Siltation fencing must be provided during any construction activity that creates a possibility for soil erosion. Such fencing must comply with regulations required by the Sussex Conservation District.
E. 
Town rights-of-way must remain clear to allow for and in order to maintain proper drainage. Please see § 61-10 for additional information, restrictions and requirements in this regard.
F. 
The use of pervious surface materials outside of the buildable lot area is required to aid in reducing surface water and stormwater runoff and in order to maintain proper drainage. Please see § 160-8A(11) and § 61-10 for additional information, restrictions and requirements in this regard.
G. 
Drainage of any swimming or wading pool water not directly into a sanitary sewer shall only occur after the swimming pool water sits for a minimum of seven days without the addition of any more chemicals.
H. 
Outdoor showers shall not be connected to any piping, equipment, facility or system that discharges into canals, lagoons or bay waters, unless the outdoor shower is in existence at the time of enactment of this section, in which case said existing outdoor shower shall be deemed grandfathered as further described in § 120-2A(3) hereof.
[Amended 7-26-1996; 4-27-2012; 8-26-2016]
In the event any lot owner shall fail to comply with § 120-lA, 120-1B, 120-2A or 120-2B hereof, the property owner shall be given written notice, by certified mail, return receipt requested, of the violation, which notice shall specify the action necessary to correct the violation. The property owner shall be required to take the corrective action to remedy a violation of § 120-lA, 120-2A, 120-2B or 120-2C within 30 days of such notice. The property owner shall be required to take the corrective action to remedy a violation of§ 120-1B within 10 days of such notice.
[Amended 7-26-1999; 4-23-2010; 4-27-2012]

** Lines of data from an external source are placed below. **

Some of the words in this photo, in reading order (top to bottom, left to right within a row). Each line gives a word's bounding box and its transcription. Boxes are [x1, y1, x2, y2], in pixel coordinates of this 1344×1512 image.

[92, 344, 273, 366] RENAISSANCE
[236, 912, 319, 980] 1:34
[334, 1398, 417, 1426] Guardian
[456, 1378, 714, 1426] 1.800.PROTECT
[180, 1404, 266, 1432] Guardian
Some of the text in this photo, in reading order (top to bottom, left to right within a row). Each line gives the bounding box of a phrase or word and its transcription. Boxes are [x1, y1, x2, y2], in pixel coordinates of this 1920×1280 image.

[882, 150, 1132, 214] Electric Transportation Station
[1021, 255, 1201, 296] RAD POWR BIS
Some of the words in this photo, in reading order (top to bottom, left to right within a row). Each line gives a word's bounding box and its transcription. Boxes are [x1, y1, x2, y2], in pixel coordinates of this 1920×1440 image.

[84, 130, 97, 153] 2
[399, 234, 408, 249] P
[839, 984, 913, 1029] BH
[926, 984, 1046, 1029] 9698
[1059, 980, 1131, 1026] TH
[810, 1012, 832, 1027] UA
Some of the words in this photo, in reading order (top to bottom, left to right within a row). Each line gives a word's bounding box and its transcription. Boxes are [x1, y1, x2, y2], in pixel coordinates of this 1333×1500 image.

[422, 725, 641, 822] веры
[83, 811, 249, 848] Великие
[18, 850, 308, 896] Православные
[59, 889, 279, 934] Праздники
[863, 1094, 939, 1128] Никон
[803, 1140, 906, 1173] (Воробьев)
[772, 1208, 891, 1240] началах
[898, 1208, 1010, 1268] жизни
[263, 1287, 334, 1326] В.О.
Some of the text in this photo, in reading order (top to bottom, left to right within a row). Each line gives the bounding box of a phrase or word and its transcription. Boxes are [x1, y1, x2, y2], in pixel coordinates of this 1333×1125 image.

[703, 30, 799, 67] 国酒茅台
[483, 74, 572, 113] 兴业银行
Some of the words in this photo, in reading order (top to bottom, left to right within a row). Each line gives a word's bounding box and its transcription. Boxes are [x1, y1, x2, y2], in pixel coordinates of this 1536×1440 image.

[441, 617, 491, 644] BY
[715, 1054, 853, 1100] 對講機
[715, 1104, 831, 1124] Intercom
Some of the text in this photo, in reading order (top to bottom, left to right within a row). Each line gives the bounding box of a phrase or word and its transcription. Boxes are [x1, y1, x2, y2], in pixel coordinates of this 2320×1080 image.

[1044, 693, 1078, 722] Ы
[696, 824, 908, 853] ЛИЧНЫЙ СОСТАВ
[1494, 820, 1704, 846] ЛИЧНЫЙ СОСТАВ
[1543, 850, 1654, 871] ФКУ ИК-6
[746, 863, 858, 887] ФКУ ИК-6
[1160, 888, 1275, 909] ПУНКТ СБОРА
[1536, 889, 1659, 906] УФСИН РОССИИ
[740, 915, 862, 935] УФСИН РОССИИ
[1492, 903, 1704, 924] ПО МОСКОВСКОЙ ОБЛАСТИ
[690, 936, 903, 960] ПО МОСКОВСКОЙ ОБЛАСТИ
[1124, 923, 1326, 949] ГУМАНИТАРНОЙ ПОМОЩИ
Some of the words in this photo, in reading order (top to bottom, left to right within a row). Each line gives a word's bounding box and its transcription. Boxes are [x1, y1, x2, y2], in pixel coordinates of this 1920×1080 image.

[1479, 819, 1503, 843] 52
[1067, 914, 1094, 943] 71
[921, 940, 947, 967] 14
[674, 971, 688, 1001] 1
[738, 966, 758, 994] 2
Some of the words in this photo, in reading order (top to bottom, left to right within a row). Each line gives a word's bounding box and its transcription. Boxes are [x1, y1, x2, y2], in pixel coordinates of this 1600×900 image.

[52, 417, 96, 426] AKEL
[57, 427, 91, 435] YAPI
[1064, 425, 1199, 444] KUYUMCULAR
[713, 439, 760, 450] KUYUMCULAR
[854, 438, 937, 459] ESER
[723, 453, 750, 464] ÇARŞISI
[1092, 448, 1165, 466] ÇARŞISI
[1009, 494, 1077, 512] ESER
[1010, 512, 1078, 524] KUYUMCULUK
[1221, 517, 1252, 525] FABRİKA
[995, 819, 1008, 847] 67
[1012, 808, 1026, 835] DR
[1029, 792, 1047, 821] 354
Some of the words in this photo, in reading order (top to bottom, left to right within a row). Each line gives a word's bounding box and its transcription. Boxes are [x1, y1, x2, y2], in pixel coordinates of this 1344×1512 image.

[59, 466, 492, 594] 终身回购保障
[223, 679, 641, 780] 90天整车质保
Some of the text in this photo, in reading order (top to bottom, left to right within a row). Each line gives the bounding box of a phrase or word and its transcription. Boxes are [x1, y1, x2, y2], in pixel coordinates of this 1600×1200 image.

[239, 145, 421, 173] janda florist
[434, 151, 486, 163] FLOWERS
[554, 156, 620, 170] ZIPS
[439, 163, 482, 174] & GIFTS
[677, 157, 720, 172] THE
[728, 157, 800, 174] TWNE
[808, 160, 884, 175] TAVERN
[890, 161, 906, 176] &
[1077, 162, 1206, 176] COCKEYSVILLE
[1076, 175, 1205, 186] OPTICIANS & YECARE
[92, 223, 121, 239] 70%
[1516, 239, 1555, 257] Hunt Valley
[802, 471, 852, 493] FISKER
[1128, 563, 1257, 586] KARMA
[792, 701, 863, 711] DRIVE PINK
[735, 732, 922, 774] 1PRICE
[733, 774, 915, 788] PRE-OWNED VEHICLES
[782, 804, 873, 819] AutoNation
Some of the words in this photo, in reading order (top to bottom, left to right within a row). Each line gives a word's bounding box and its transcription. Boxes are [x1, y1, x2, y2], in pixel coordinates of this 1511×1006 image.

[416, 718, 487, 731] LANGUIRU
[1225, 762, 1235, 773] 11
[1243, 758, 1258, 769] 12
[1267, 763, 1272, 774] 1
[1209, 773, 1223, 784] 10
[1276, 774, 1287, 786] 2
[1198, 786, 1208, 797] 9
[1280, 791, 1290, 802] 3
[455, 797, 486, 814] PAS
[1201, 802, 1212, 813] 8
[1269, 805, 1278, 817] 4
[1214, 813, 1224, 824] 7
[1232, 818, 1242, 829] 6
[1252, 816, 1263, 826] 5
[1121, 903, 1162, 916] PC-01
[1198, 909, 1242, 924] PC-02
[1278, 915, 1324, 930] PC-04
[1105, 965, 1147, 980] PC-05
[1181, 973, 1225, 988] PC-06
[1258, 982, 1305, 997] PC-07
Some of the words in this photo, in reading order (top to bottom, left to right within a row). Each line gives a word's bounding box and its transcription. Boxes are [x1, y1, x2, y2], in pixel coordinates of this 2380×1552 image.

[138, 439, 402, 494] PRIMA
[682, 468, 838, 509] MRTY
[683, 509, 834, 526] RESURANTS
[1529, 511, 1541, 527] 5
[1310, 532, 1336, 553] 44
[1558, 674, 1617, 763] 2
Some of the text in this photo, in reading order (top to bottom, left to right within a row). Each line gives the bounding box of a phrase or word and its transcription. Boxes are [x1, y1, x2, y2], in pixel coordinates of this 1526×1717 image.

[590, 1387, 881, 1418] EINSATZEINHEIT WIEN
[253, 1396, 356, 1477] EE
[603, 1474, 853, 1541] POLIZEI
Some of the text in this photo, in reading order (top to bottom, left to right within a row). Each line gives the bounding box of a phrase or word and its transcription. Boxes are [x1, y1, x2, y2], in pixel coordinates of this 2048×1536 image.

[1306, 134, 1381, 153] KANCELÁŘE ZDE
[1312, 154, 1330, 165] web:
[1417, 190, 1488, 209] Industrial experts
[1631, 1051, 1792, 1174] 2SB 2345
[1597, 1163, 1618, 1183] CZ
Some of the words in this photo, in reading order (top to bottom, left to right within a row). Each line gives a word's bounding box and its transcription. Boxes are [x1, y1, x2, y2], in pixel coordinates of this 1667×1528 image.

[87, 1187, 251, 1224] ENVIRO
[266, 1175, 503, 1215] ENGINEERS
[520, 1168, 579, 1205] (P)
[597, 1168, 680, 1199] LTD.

In the event the owner fails to comply with the written notice of violation issued pursuant to § 120-3 within the time period set forth therein, he shall be deemed to be guilty of maintaining a nuisance and/or an unsanitary condition. In such an event, the Town of Fenwick Island shall have:
A. 
As to a violation of § 120-1A, the authority (be empowered) to both take such steps as it deems necessary to cure said violation at the expense of the owner and impose a fine of $500 for each thirty-day period in which the violation is not cured.
B. 
As to a violation of § 120-1B, the authority (be empowered) to have the Public Works Department clear the property of weeds, high grass and any trash thereon. The fee for the service shall be $500 for each time it is performed and shall be charged to the owner(s) of the lot(s).
C. 
As to a violation of § 120-2A, B or C, the authority, but not the obligation, to take such steps as it deems necessary to cure the violation, including the option of hiring a professional and licensed contractor to perform the curative work necessary, which shall be done at the expense of the owner. The Town shall also have the authority to impose a monetary fine in the amount of $500 for each thirty-day period in which the violation is not cured.
[Amended 8-26-2016]
[Amended 4-27-2012]
In the event an owner has received a § 120-3 written notice from the Town of a violation of § 120-1B hereof, and said owner subsequently repeats the same violation during the same calendar year, the Town may, but shall not be obligated to, clear the property pursuant to the authority set forth in § 120-4B without additional notice to the owner. As stated in § 120-4B, a separate service fee of $500 will be charged for each such clearing. The owner will be advised of this procedure in the written notice of the first violation.
[Amended 4-27-2012]
The expenses incurred by the Town to cure a violation of this chapter and any monetary fine imposed pursuant to § 120-4 and/or any service fee imposed pursuant to § 120-5 shall each constitute a lien against the lot in question. Said lien shall be enforceable and the debt shall be collectible in the same manner as the collection of delinquent taxes under the laws of the State of Delaware and the Town of Fenwick Island.